PROBLEM: Every entry has to be output exactly, with none skipped.

EXERCISE MATERIAL:
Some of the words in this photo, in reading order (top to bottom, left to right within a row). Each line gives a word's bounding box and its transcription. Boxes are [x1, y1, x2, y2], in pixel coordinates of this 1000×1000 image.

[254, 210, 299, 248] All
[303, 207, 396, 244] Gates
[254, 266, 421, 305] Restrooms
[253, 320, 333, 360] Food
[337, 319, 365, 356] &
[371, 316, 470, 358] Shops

EXERCISE RESULT:
Some of the words in this photo, in reading order (top to bottom, left to right within a row). Each line gives a word's bounding box and its transcription. Boxes are [x1, y1, x2, y2], in pixel coordinates of this 1000×1000 image.

[254, 210, 299, 248] All
[303, 207, 396, 244] Gates
[254, 266, 421, 305] Restrooms
[253, 320, 333, 360] Food
[337, 319, 365, 356] &
[371, 316, 470, 358] Shops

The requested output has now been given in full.